DATA FOR ANALYSIS:
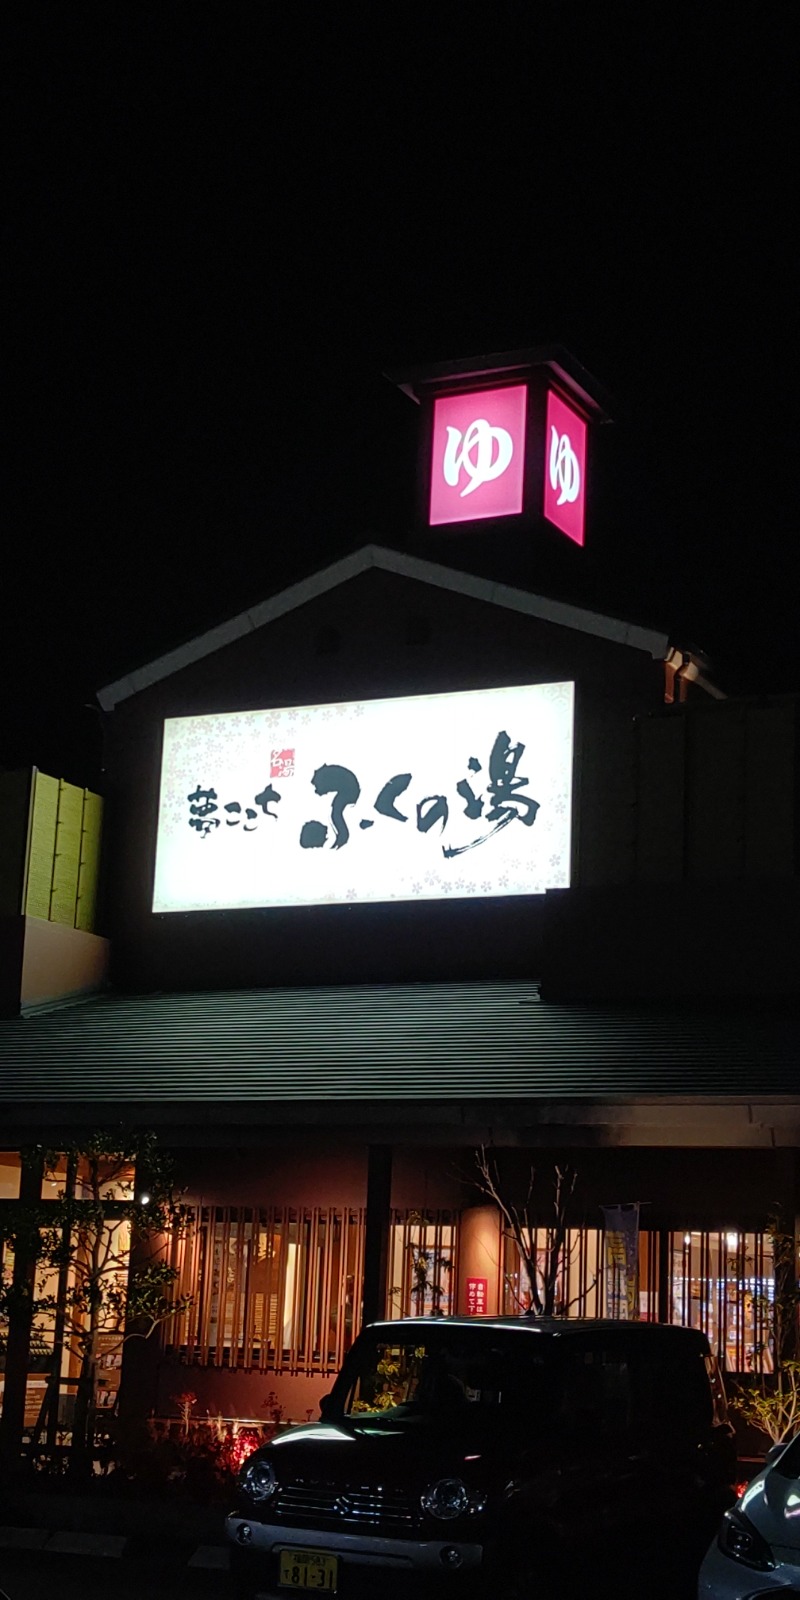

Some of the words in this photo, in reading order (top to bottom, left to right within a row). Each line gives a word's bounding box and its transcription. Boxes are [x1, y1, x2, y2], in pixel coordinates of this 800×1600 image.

[443, 418, 514, 498] ゆ
[549, 425, 580, 506] ゆ
[187, 783, 281, 839] 夢ここち
[300, 731, 540, 859] ふくの湯
[468, 1283, 476, 1315] 停めて下
[476, 1283, 484, 1314] 自動車は
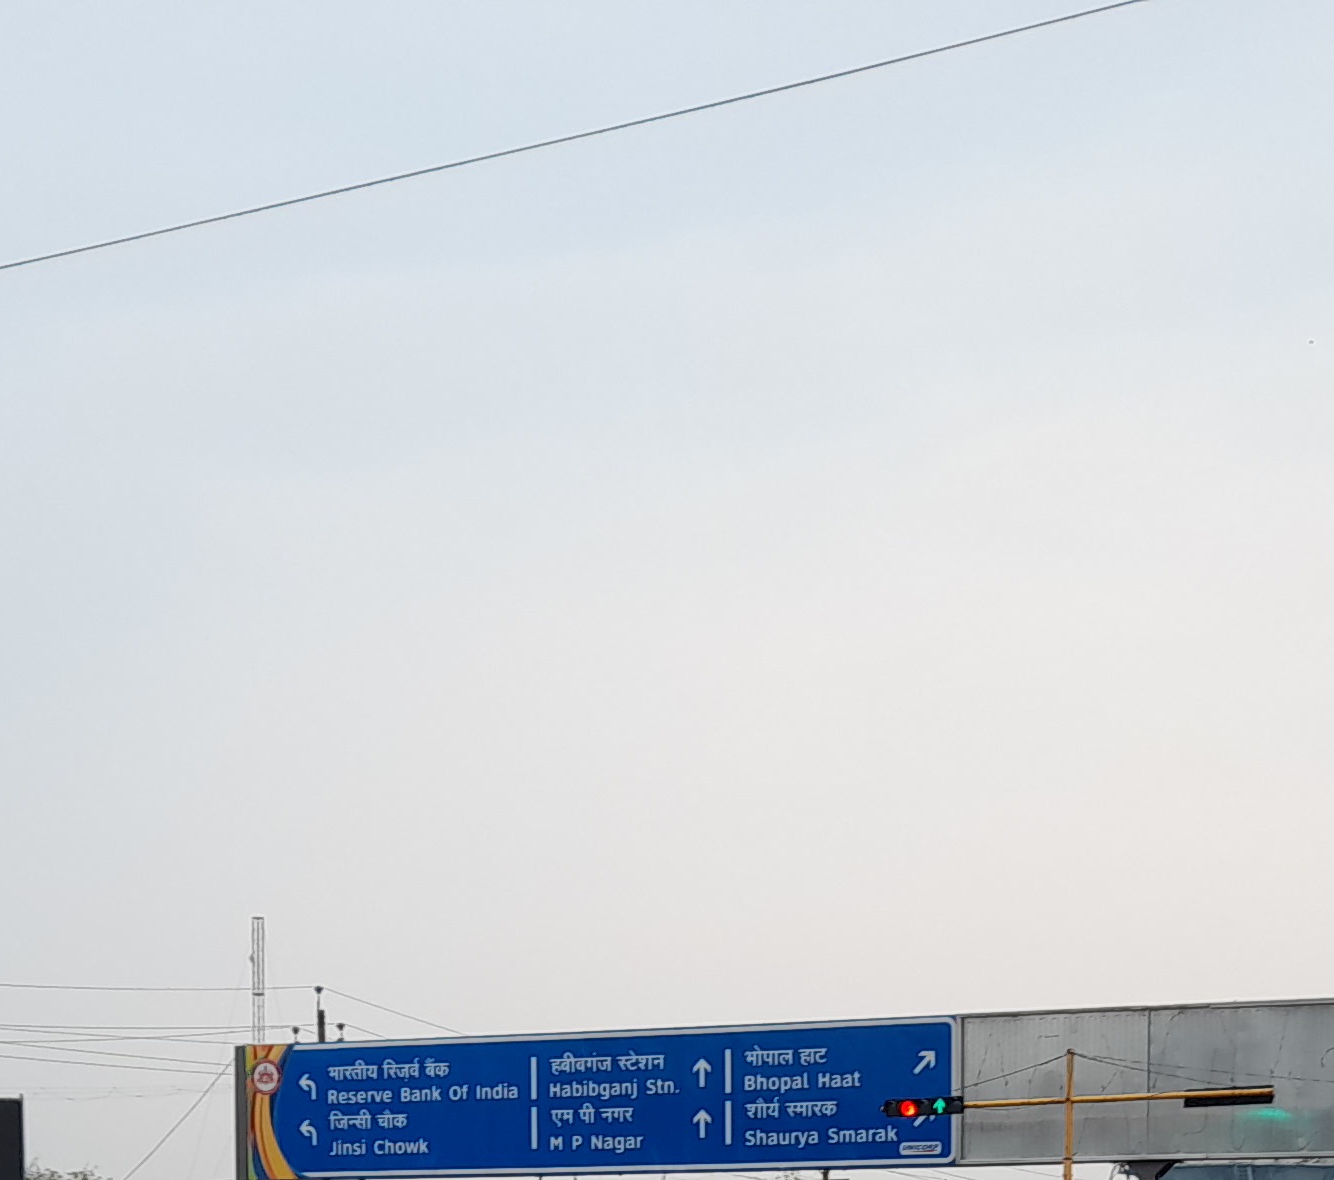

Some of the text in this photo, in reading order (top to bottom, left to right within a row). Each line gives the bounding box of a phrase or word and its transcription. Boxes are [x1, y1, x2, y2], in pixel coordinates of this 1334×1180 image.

[549, 1050, 665, 1075] हबीबगंज स्टेशन
[744, 1044, 828, 1067] भोपाल हाट
[327, 1060, 378, 1081] भारतीय
[743, 1070, 862, 1093] Bhopal Haat
[327, 1082, 519, 1104] Reserve Bank Of India
[549, 1078, 680, 1100] Habibganj Stn.
[550, 1102, 634, 1128] एम पी नगर
[744, 1096, 838, 1119] शौर्य स्मारक
[328, 1109, 408, 1130] जिन्सी चौक
[329, 1138, 429, 1156] Jinsi Chowk
[550, 1134, 644, 1153] M P Nagar
[744, 1124, 898, 1149] Shaurya Smarak

EXERCISE GOAL:
Please repeat, exactly and only, the lines from the one containing "Some of the text" through the last line of the records, both included.

OUTPUT BELOW:
Some of the text in this photo, in reading order (top to bottom, left to right within a row). Each line gives the bounding box of a phrase or word and its transcription. Boxes are [x1, y1, x2, y2], in pixel coordinates of this 1334×1180 image.

[549, 1050, 665, 1075] हबीबगंज स्टेशन
[744, 1044, 828, 1067] भोपाल हाट
[327, 1060, 378, 1081] भारतीय
[743, 1070, 862, 1093] Bhopal Haat
[327, 1082, 519, 1104] Reserve Bank Of India
[549, 1078, 680, 1100] Habibganj Stn.
[550, 1102, 634, 1128] एम पी नगर
[744, 1096, 838, 1119] शौर्य स्मारक
[328, 1109, 408, 1130] जिन्सी चौक
[329, 1138, 429, 1156] Jinsi Chowk
[550, 1134, 644, 1153] M P Nagar
[744, 1124, 898, 1149] Shaurya Smarak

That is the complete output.